Winners: Nvidia, ARM. Losers: AMD, Broadcom, Intel, Arista.

Meta is laying it out in no uncertain terms: its AI build-out will be brought to you by Nvidia.

In pair of press releases after the close on Tuesday, the social media giant and chip designer detailed a “multi-year, multi-generational strategic partnership” that “will enable the large-scale deployment of NVIDIA CPUs and millions of NVIDIA Blackwell and Rubin GPUs, as well as the integration of NVIDIA Spectrum-X Ethernet switches for Meta’s Facebook Open Switching System platform.”

There’s also a deeper integration with a very commonly used communications tool at play. “Meta has adopted NVIDIA Confidential Computing for WhatsApp private processing, enabling AI-powered capabilities across the messaging platform,” per the press release, with plans to add these capabilities to other use cases at the Zuckerberg-led firm.

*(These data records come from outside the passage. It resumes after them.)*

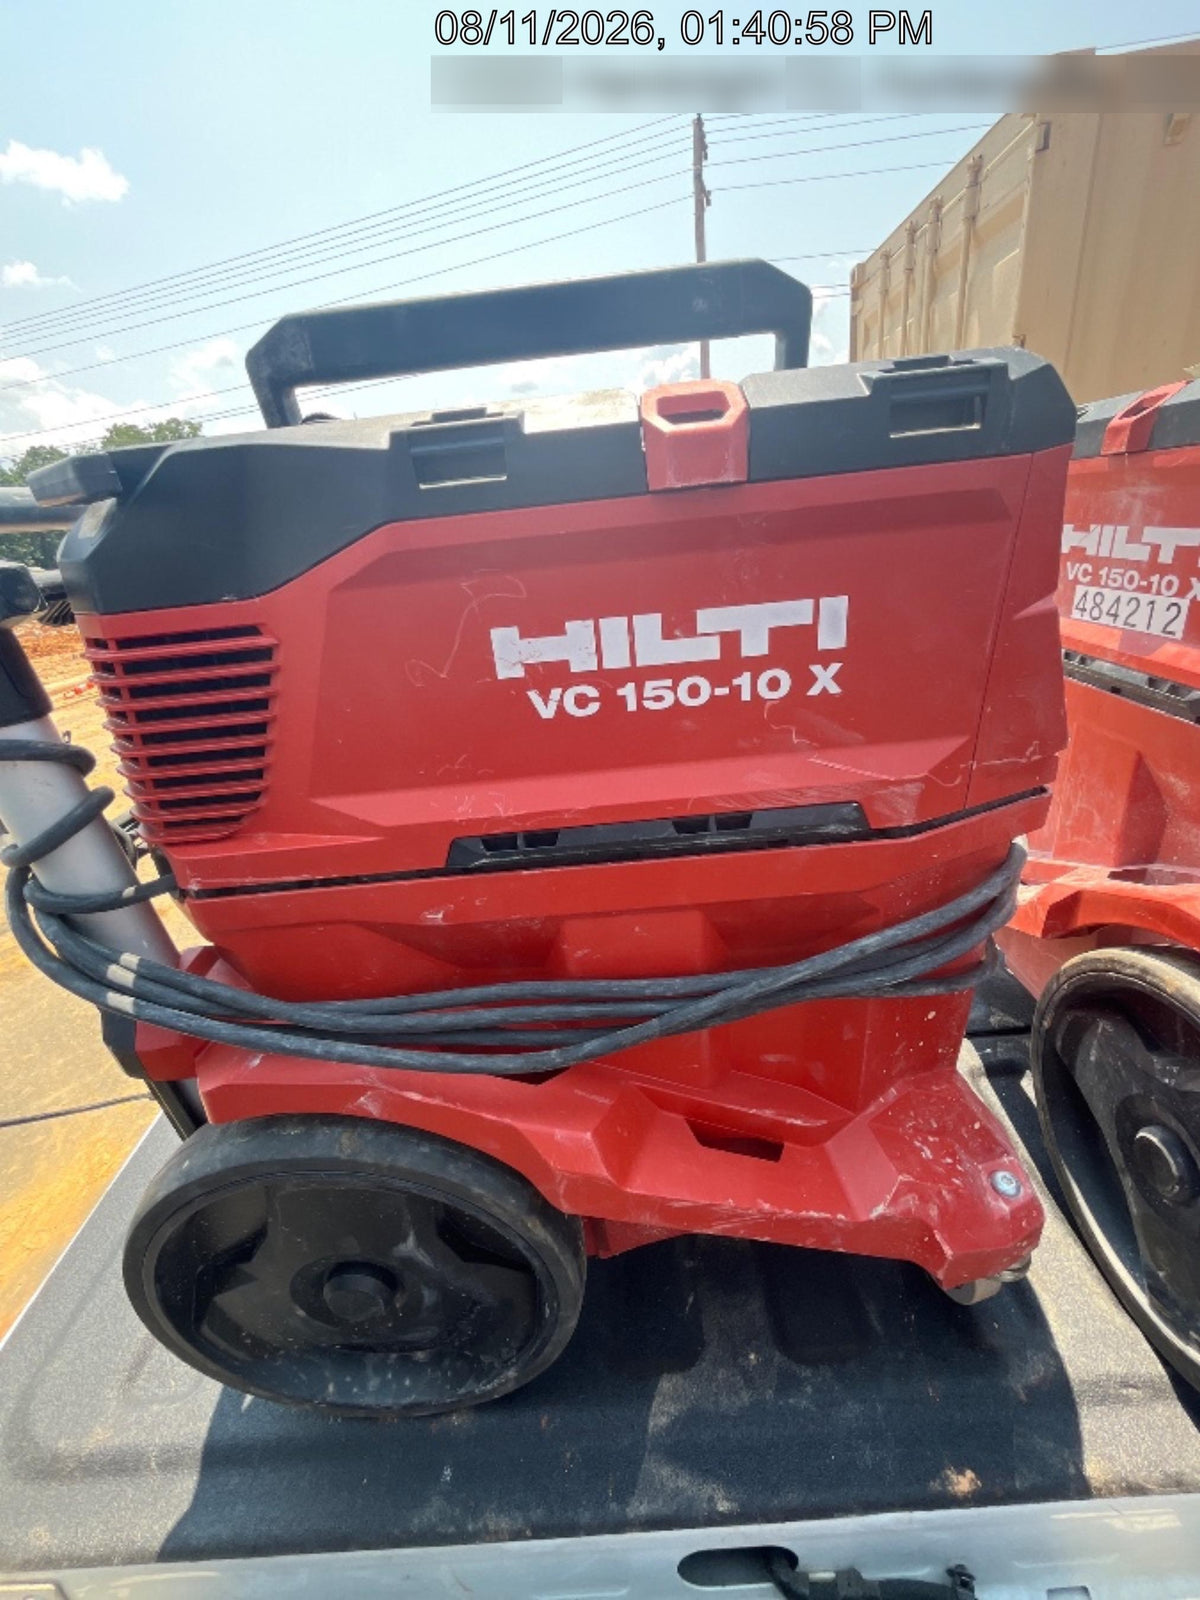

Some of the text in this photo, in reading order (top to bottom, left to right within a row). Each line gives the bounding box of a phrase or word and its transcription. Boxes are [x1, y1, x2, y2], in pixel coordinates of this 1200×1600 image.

[1061, 523, 1200, 568] HILT
[1066, 561, 1093, 584] VC
[1098, 566, 1180, 597] 150-10
[1074, 589, 1182, 636] 484212
[490, 595, 849, 680] HILTI
[527, 662, 844, 719] VC 150-10 X
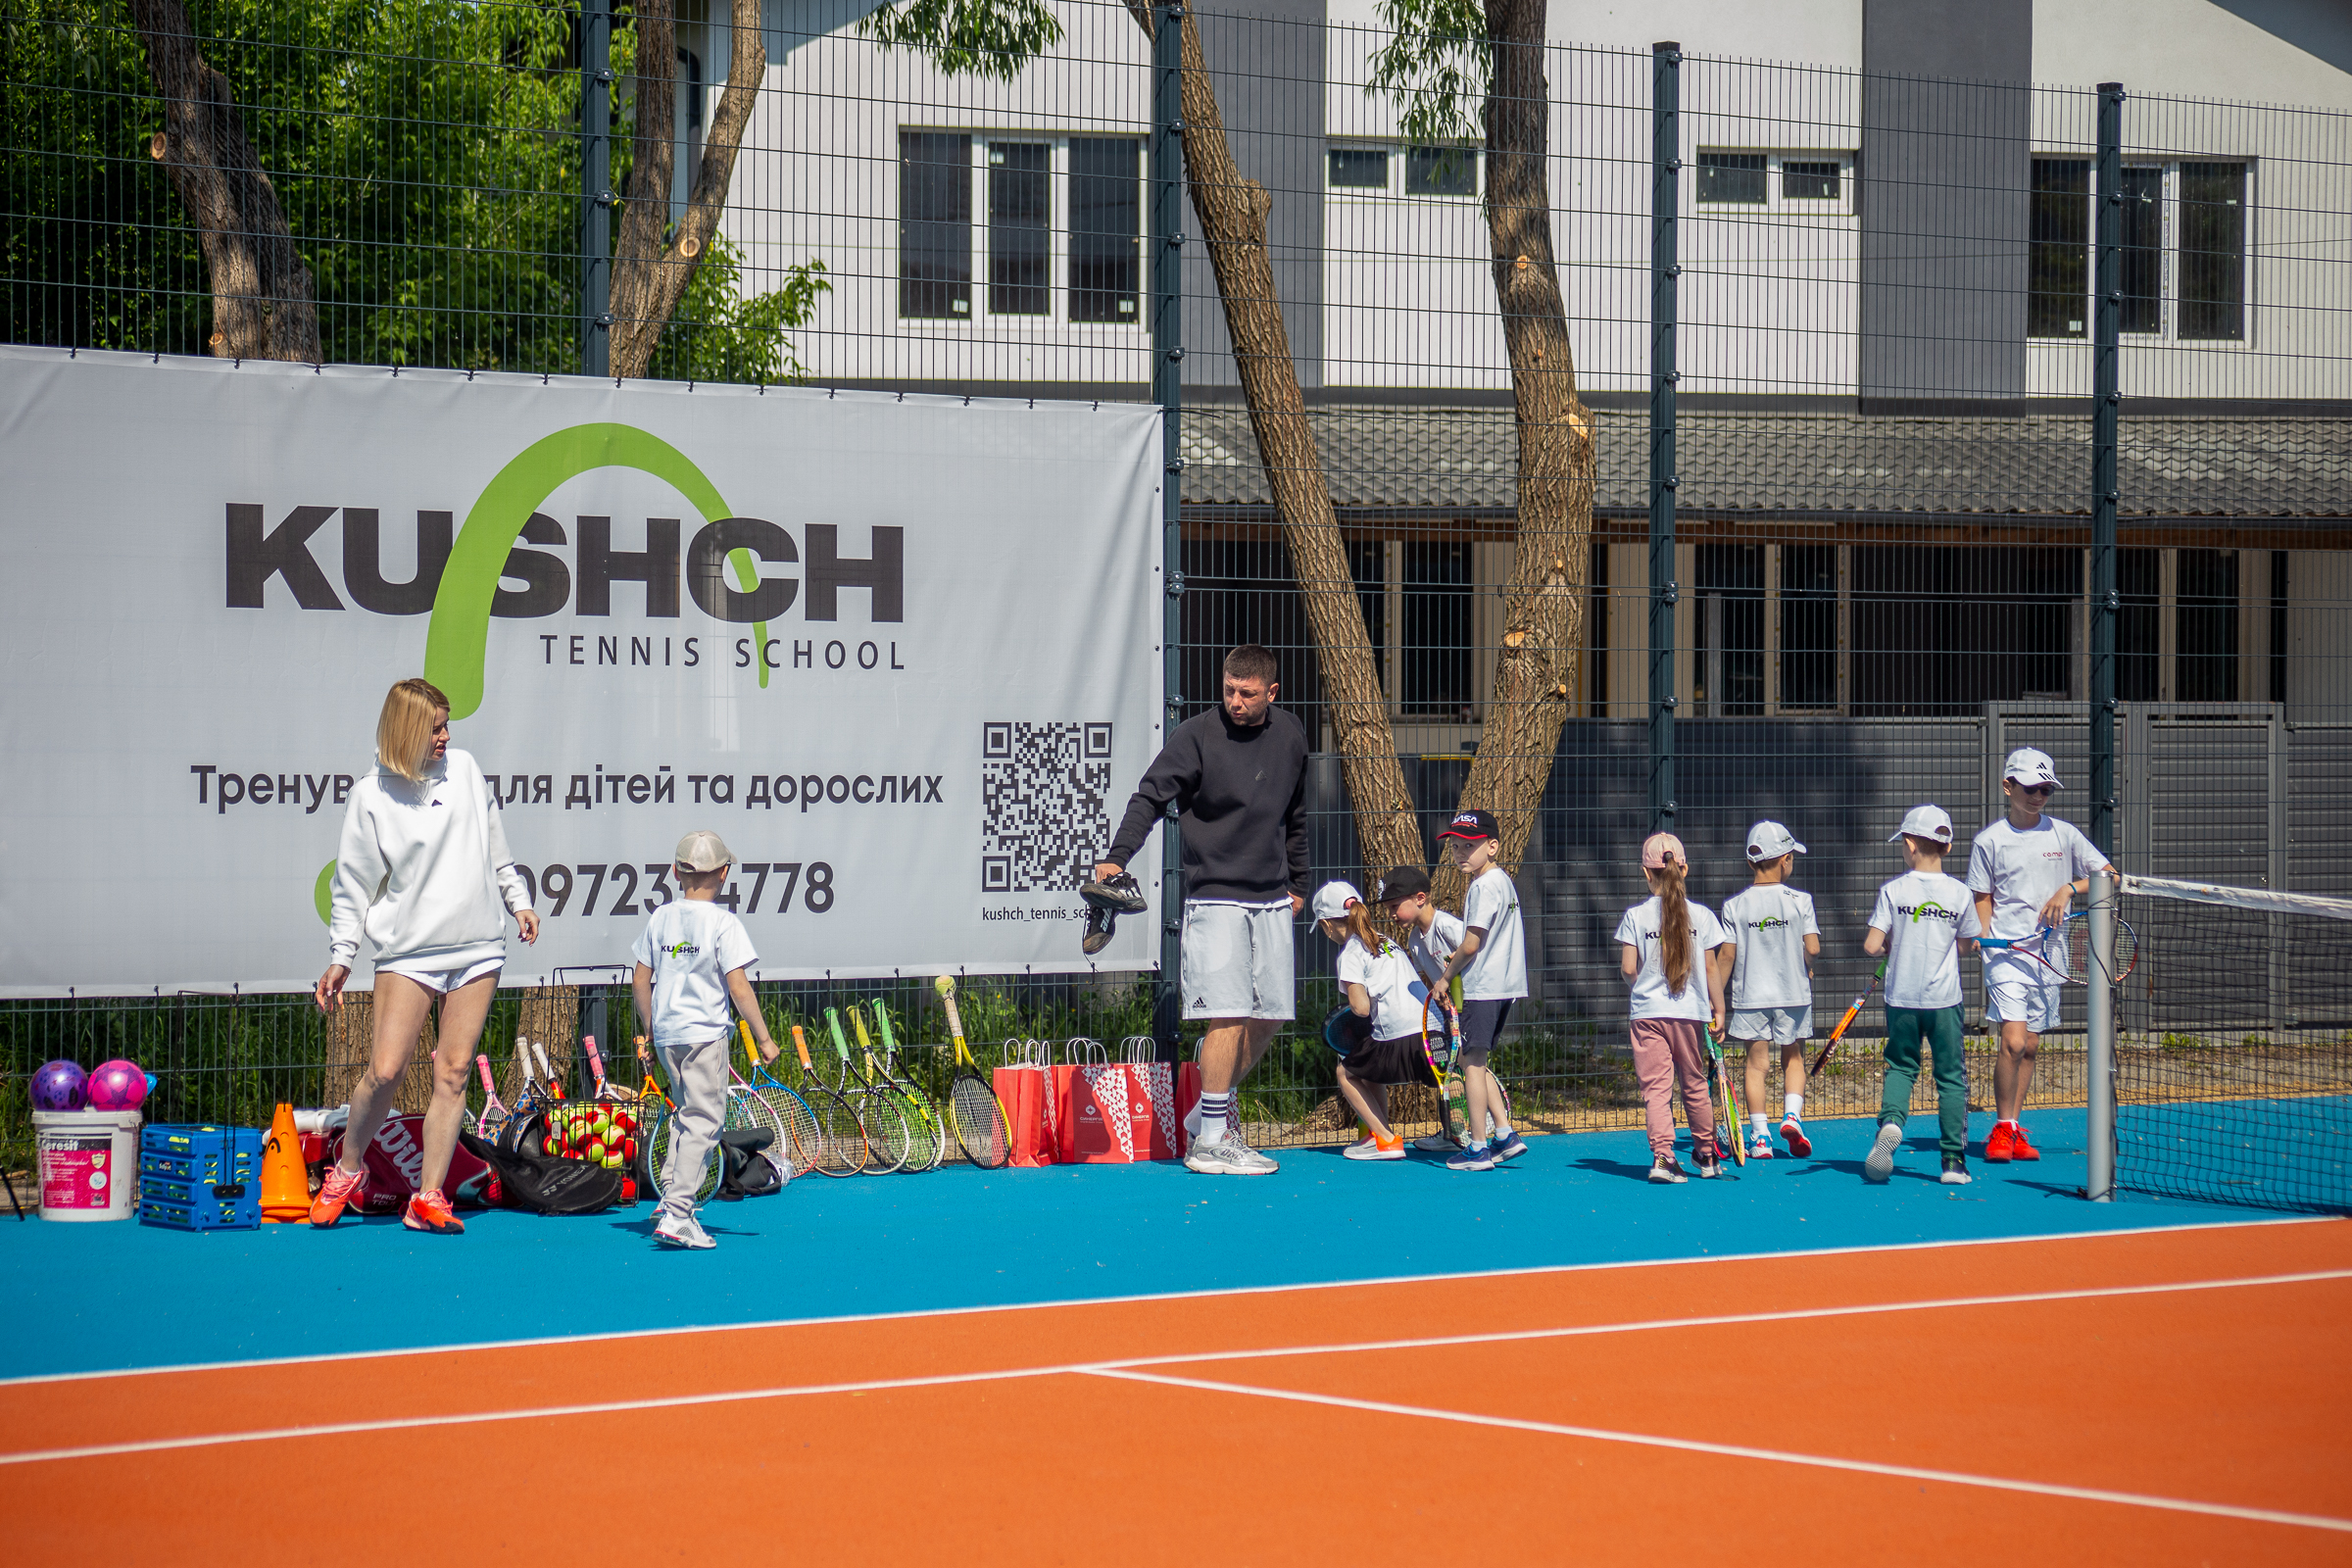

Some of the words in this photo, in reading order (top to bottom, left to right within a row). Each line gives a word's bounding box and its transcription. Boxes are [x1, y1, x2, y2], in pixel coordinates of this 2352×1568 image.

One obvious winner, of course, is Nvidia, as investors may now have a clearer line of sight to millions of GPU sales that includes not only this generation, but future editions, as well. The inclusion of CPUs in this pact, and with an expanded role in data center environments, also appears to be boon for Arm Holdings, whose IP was utilized to develop these products.

Shares of Nvidia, ARM, and Meta rose in after-hours trading, albeit fairly modestly.

The losers?

Nvidia’s competitors in...

AI chips: Advanced Micro Devices and Broadcom, as the dominant incumbent’s big, long-term deal with a hyperscaler seemingly reduce their ability to gain market share.

CPUs: Intel (and AMD again!)

And an established Meta networking client: Arista Networks, who’s seeing Nvidia muscle in on this territory.

Intel was roughly flat in after-hours trading on Tuesday, while the other three stocks fell.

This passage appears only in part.